The rate of phosphate release by axonemes was measured using Biomol green reagent (Enzo Life Sciences). 0.1 mg/ml axonemes were incubated for 5 min in HMDEK buffer in the presence of 1 mM ATP. The concentrations of released phosphate were calculated based on changes to the absorbance at 620 nm.

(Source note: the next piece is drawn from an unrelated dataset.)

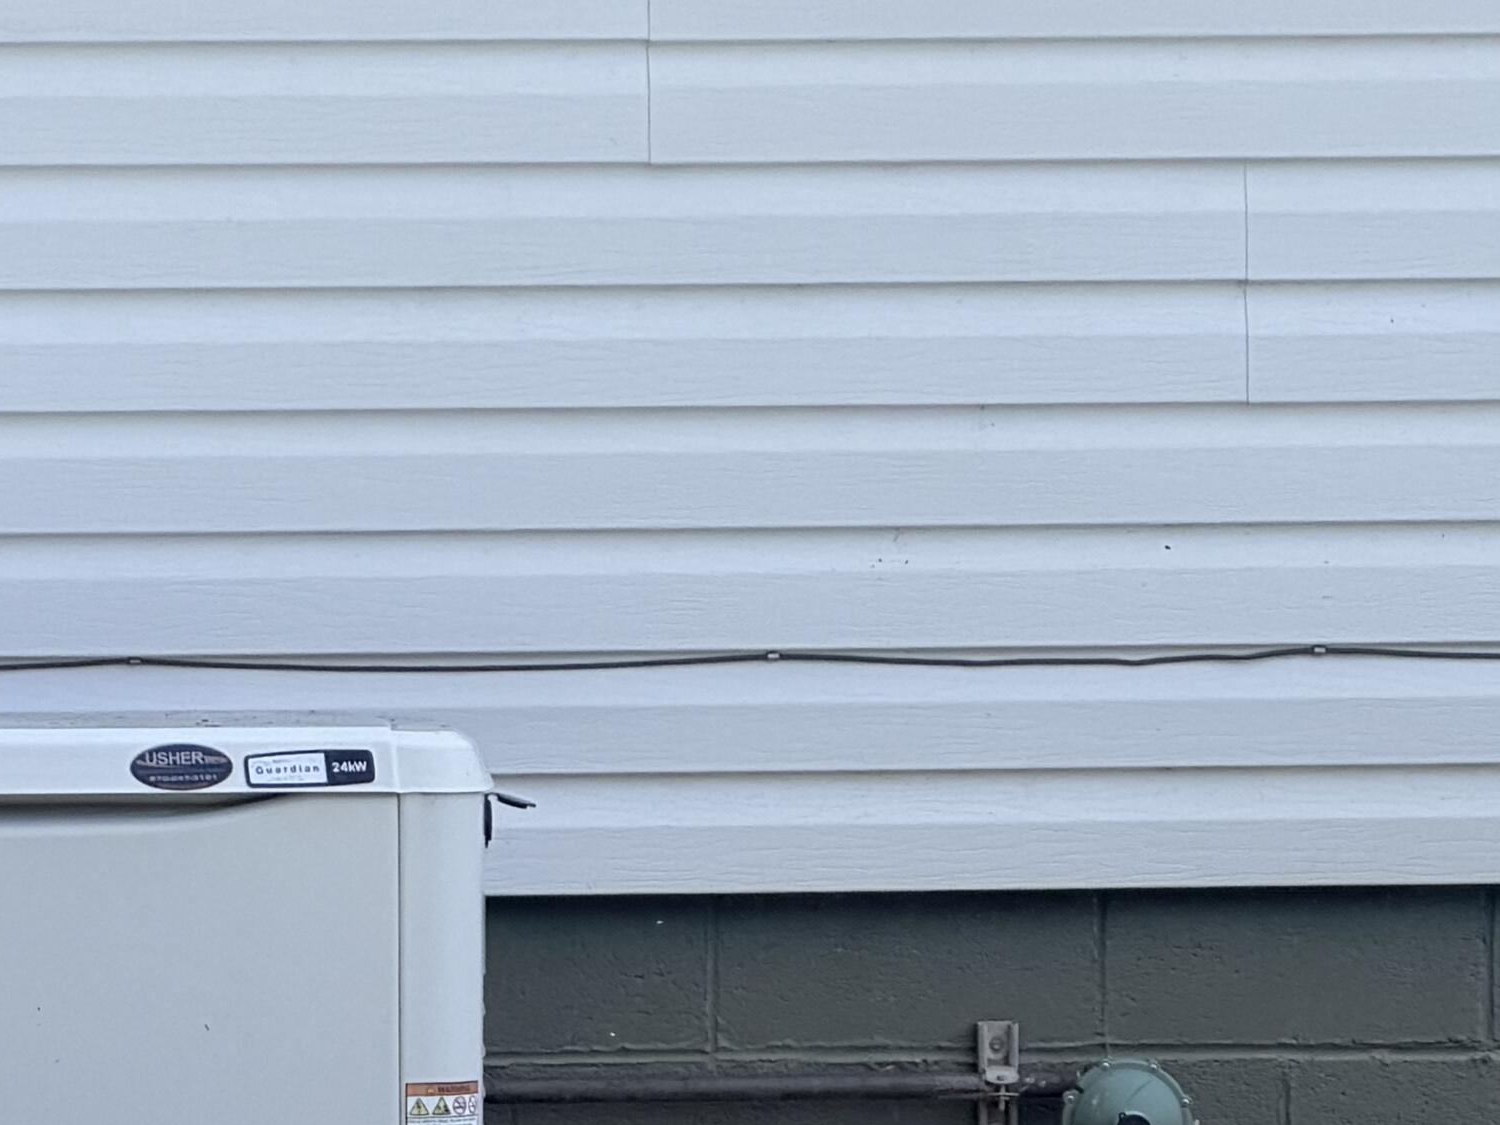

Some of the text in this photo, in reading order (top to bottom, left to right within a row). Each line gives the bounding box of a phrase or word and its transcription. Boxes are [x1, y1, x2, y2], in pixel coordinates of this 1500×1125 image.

Sliding disintegration of the axoneme
To measure sliding velocity, suspensions of flagella were sonicated using a sonicator (S-4000; Qsonica, LLC). Sonication was repeated until, on average, flagella were sheared in half lengthwise. The flagella were then demembranated with 1% Nonidet P-40 in HMDEK buffer and centrifuged. Axonemes were resuspended in HMDEK buffer without protease inhibitors and absorbed onto a glass slide. The solution was covered with a coverslip, and two sides of the coverslip were sealed with Vaseline. Axonemes were activated with HMDEK buffer with 1 mM ATP. Sliding disintegration was then initiated by washing the flow chamber with HMDEK buffer with 1 mM ATP and 2 µg/ml trypsin. To measure the degree of sliding disintegration, intact flagella were demembranated and absorbed onto a glass slide. Sliding disintegration was initiated with HMDEK buffer with 1 mM ATP and 0.3 µg/ml nagarse (Sigma-Aldrich). Sliding of DMTs was observed using a dark-field microscope (BX51) equipped with a 40× oil immersion objective lens and a 100-W mercury lamp. The image sequences were recorded using a progressive scan–type CCD camera (MC681SPD).
The EM maps of averaged DMT and CP tomograms are available at the EMDataBank under the following accession numbers: wild-type DMT, EMD-5845; rsp3N DMT, EMD-5846; rsp3C DMT, EMD-5847; rsp4N DMT, EMD-5848; rsp4C DMT, EMD-5849; rsp6N DMT, EMD-5850; rsp6C DMT, EMD-5851; rsp11C DMT, EMD-5852; wild-type CP, EMD-5853; pf6 CP, EMD-5854; and cpc1 CP, EMD-5855.
Online supplemental material
Fig. S1 is related to Fig. 2 and shows averaged tomograms of DMT used for Student’s t test. Fig. S2 is related to Fig. 3 and shows the results of sliding disintegration assays of wild-type and mutant axonemes. Fig. S3 is related to Fig. 4 and shows the swimming paths of wild-type and pf6 rsp4C cells. Table S1 describes details of the mutant strains used in this study. Table S2 is related to Fig. 3 and shows the results of ATPase and sliding disintegration assays of wild-type and mutant axonemes. Video 1 is related to Fig. 3 and shows swimming of demembranated, ATP-reactivated mutant cells. Video 2 is related to Fig. 4 and shows impaired motility of pf6 cells and the recovered motility of pf6 rsp4C tags live cells. Video 3 is related to Fig. 4 and shows motility of pf6 oda/ida double mutants and pf6 oda/ida rsp4C-GFP quadruple mutants.
We thank Dr. Winfield S. Sale for the gift of IC138 antiserum.
This work was supported by the Funding Program for Next Generation World-Leading Researchers, the Uehara Memorial Foundation, and the Takeda Science Foundation (to M. Kikkawa).
The authors declare no competing financial interests.